The first of Tom's cadre marched into the dock was Stuart Lin, in late August of 1978. He discovered there that his scurry to the mezzanine of the Golden Dragon Restaurant, even under duress, had been a flight up stairs leading to calamity.
He was tried before Judge Walter Calcagno, the senior criminal trial judge in San Francisco. Calcagno had been the judge in the Joe Fong case some years before. He was knowledgeable, brooked no nonsense, demanded everything on time, and frowned on excessive argument. He got what he wanted in the Stuart Lin trial. It was conducted in a gentlemanly manner by defense attorney Doug Schmidt and prosecutor Hugh Levine. Rarely was a voice raised or did a temper flare.
The most crucial issues were Stuart's state of mind during the massacre and whether or not he killed anyone. His own testimony portrayed him to the jury as the fumbling kid he was, but a devastating piece of evidence used in rebuttal painted a far different picture than did his testimony--the tape of his conversation with Gan Wah Woo on the west campus of Galileo High School. While it played in Cantonese, translator Nora Yuen relayed it to the jury in English.
Earlier, Levine had conceived the idea of sending Richard Grzybowski, the Crime Lab's top ballistics expert, to the Golden Dragon to determine the angle of strike of the shotgun pellets, thus hoping to establish from what point the shots were fired and what path they took. Stuart had revealed in his talk with Gan Wah that he stood on the upper level with Peter "the Hundred-Year Egg" Ng and that he remembered "shooting at the wall, and maybe a table." Grzybowski and the Task Force's Ron Schneider inserted chopsticks into the holes in the wall and measured the tracks of the pellets that struck the table. They found the angles to be consistent with Stuart's position at the top of the stairs.
It was known that Egg shot Calvin Fong with the .38 after the choirboy lay already wounded on the floor.

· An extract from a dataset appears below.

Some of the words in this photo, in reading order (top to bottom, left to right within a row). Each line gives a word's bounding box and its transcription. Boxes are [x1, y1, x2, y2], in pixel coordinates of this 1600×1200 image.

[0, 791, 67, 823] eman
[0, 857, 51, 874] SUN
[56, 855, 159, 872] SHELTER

Initially, Calvin was seated at the table with his back toward Stuart, and he was shot with a full load in the back in a line consistent with the distance from Stuart. It was also known that three shots were fired from one shotgun and three from the other.

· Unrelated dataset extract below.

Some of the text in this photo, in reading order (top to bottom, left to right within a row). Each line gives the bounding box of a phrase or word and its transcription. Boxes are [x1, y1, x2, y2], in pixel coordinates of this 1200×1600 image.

Three hit Donald Kwan and were undoubtedly fired from the same gun because, judging from the way they struck, they had to have been fired in rapid succession. The first hit him in the cheek and would have rendered him unconscious, knocking him backward. Then he slumped forward, causing the next two to enter downward through his shoulder. That meant Egg's three shots killed Donald Kwan.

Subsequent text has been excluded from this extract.